**Task directions:**
The entries must be repeated verbatim, and their images left out.

**Extracted entries:**
= Beginning of Section =

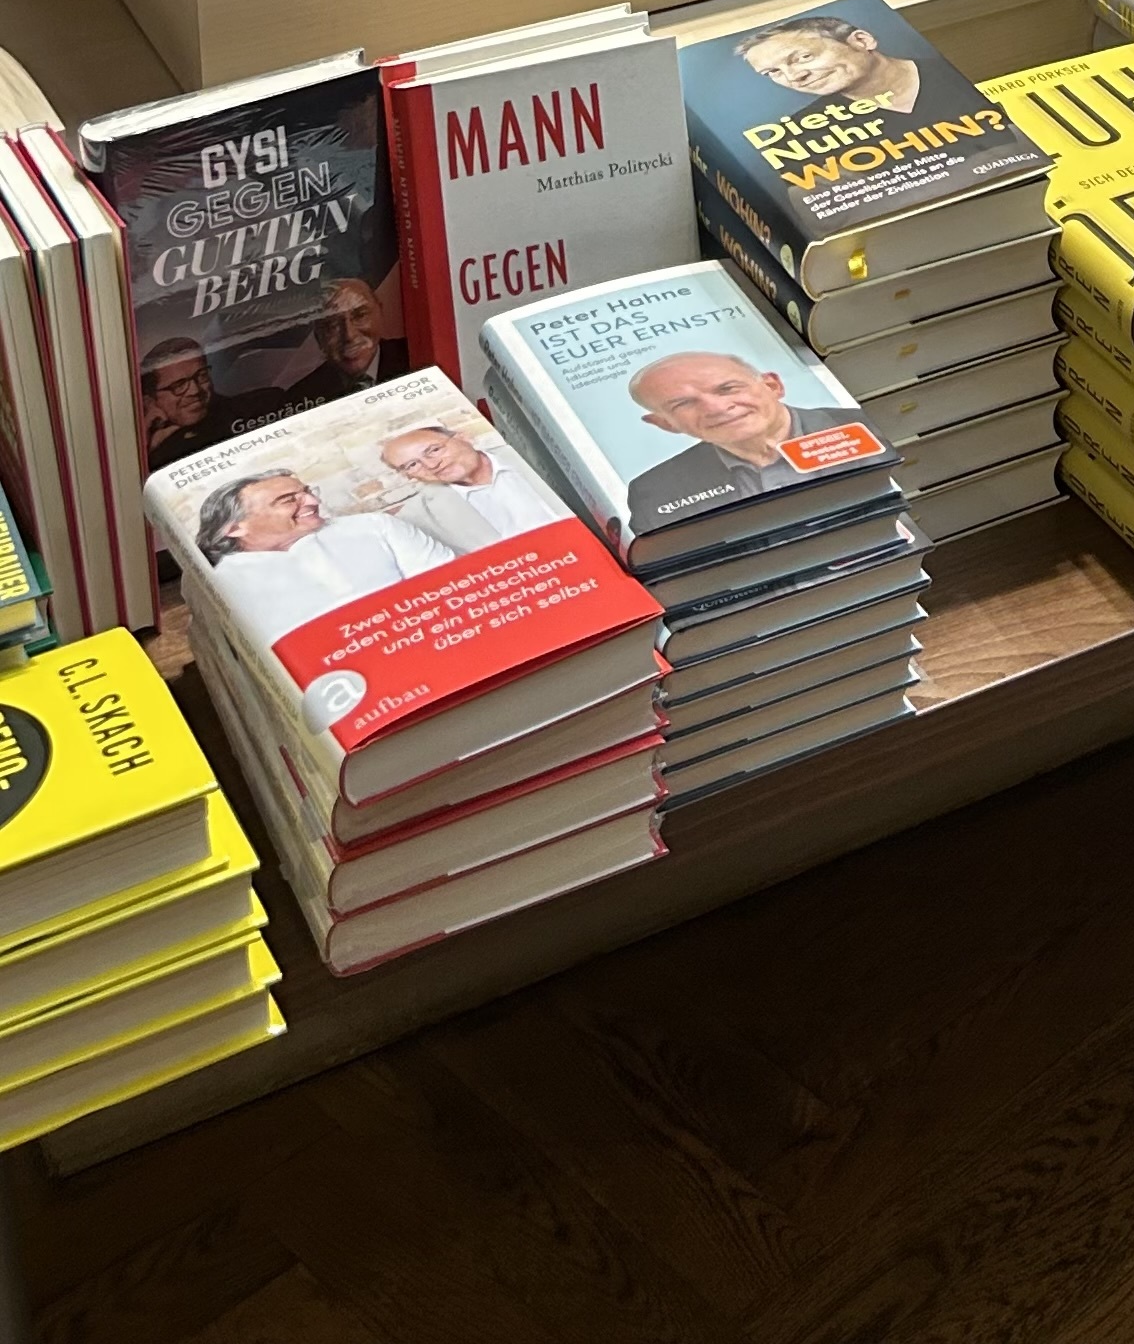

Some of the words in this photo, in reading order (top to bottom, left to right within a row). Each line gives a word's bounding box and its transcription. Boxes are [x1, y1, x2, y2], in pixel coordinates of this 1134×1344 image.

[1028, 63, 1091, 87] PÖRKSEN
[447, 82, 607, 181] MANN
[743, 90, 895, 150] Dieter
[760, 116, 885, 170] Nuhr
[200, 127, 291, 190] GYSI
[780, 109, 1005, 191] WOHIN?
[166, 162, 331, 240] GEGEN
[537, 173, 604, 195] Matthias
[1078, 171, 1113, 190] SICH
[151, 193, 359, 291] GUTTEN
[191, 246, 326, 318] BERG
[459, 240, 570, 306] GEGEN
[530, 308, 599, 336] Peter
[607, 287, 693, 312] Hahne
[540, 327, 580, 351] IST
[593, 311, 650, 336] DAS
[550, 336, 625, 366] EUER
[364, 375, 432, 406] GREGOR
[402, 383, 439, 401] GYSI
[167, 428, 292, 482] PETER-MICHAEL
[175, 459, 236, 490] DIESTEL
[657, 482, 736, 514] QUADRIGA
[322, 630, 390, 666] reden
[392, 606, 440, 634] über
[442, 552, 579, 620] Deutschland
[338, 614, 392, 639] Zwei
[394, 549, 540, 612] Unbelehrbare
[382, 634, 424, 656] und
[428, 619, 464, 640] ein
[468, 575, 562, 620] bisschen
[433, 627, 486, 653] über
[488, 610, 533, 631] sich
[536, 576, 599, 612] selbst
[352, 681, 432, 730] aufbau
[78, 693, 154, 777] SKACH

= End of Section =

**Response to the exercise:**
Some of the words in this photo, in reading order (top to bottom, left to right within a row). Each line gives a word's bounding box and its transcription. Boxes are [x1, y1, x2, y2], in pixel coordinates of this 1134×1344 image.

[1028, 63, 1091, 87] PÖRKSEN
[447, 82, 607, 181] MANN
[743, 90, 895, 150] Dieter
[760, 116, 885, 170] Nuhr
[200, 127, 291, 190] GYSI
[780, 109, 1005, 191] WOHIN?
[166, 162, 331, 240] GEGEN
[537, 173, 604, 195] Matthias
[1078, 171, 1113, 190] SICH
[151, 193, 359, 291] GUTTEN
[191, 246, 326, 318] BERG
[459, 240, 570, 306] GEGEN
[530, 308, 599, 336] Peter
[607, 287, 693, 312] Hahne
[540, 327, 580, 351] IST
[593, 311, 650, 336] DAS
[550, 336, 625, 366] EUER
[364, 375, 432, 406] GREGOR
[402, 383, 439, 401] GYSI
[167, 428, 292, 482] PETER-MICHAEL
[175, 459, 236, 490] DIESTEL
[657, 482, 736, 514] QUADRIGA
[322, 630, 390, 666] reden
[392, 606, 440, 634] über
[442, 552, 579, 620] Deutschland
[338, 614, 392, 639] Zwei
[394, 549, 540, 612] Unbelehrbare
[382, 634, 424, 656] und
[428, 619, 464, 640] ein
[468, 575, 562, 620] bisschen
[433, 627, 486, 653] über
[488, 610, 533, 631] sich
[536, 576, 599, 612] selbst
[352, 681, 432, 730] aufbau
[78, 693, 154, 777] SKACH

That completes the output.